More infectious strains

The emergence of several, more infectious strains of the novel coronavirus SARS-CoV-2 has worried governments and scientists, who are investigating how and why the virus became more transmissible.

Like all viruses, SARS-CoV-2 mutates in order to maximize its survival chances.

When it replicates, tiny errors in its genetic coding are introduced.

Most of these are inconsequential. But some -- as with the virus variants that emerged recently in Britain, South Africa and Brazil -- can give the virus a decisive new advantage.

"When we keep case numbers high, we are maximizing the virus' opportunities to get into weird situations, that might be rare, and most of them might lead nowhere," said Emma Hodcroft, epidemiologist at the University of Bern.

More cases equal more transmissions, which maximizes the chances that a significant mutation will occur, she said.

"If we keep case numbers lower, we essentially restrict the virus' playground."

Wendy Barclay, a virologist at London's Imperial College, said mutations were, among others, "a combination of how much virus is out there, the number of times you roll the dice defines what happens, coupled with the environment the virus is currently in."

It was not unexpected for the new variants to appear after a year of Covid-19 as levels of global immunity increase through vaccinations and natural infection, she added.

"In South Africa and Brazil there was already quite a high level of antibody response from people who had been infected and recovered from the virus."
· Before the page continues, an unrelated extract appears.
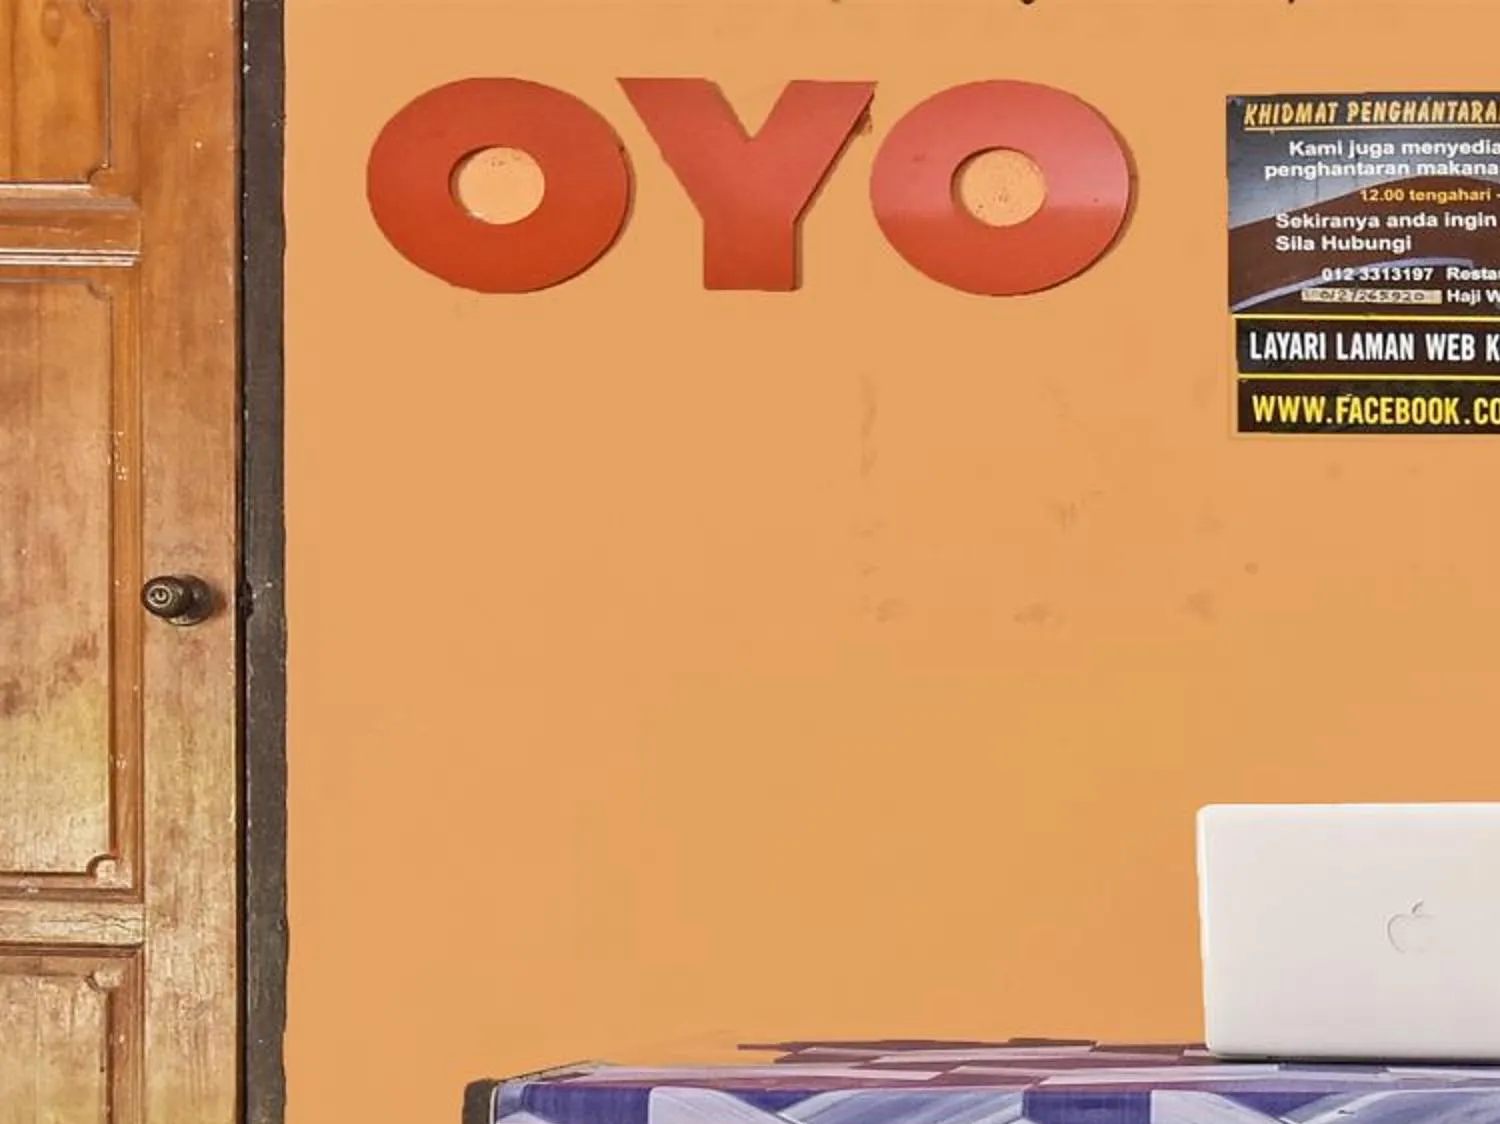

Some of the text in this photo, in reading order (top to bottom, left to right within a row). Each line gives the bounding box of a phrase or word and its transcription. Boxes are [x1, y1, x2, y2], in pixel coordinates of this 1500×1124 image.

The evidence for the new variant being more deadly is in a paper prepared by a group of scientists that advises the government on new respiratory viruses, based on several studies.

British scientists said that although initial analyses suggested that the strain, first identified in September, did not cause more severe disease, several more recent ones suggest it might. However, the numbers of deaths are relatively small, and case fatality rates are affected by many things, including the care patients get and their age and health beyond having Covid-19.
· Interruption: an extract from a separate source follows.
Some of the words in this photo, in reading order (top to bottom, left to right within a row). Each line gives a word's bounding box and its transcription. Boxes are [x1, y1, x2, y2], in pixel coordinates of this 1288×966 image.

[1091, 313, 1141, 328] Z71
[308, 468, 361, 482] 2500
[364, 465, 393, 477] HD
The British scientists stress that the information so far has major limitations, and that they do not know how representative the cases included in the analyses are of what's happening throughout the country or elsewhere.

More variants?

Immune issues may also have impacted the virus in another way.

France's Academy of Medicine says that the South African variant "could result from a viral replication more intense and prolonged in people living with HIV" -- cases of which are highly prevalent there.

While the precise origins of the variants remain up for debate, scientists are unanimous that their effect needs careful management.

One thing is for sure: the virus will continue to mutate, which might bring more dangerous variants.

In fact, they may already be circulating.

"And because the total number of cases continues to grow exponentially, it is not hard to argue that more variants of concern arose this winter and remain undetected than arose in fall and now are on our radar," University of Washington biologist Carl Bergstrom, wrote on Twitter.

"I don't think this virus is going anywhere," Vallance said. "It's going to be around, probably, forever."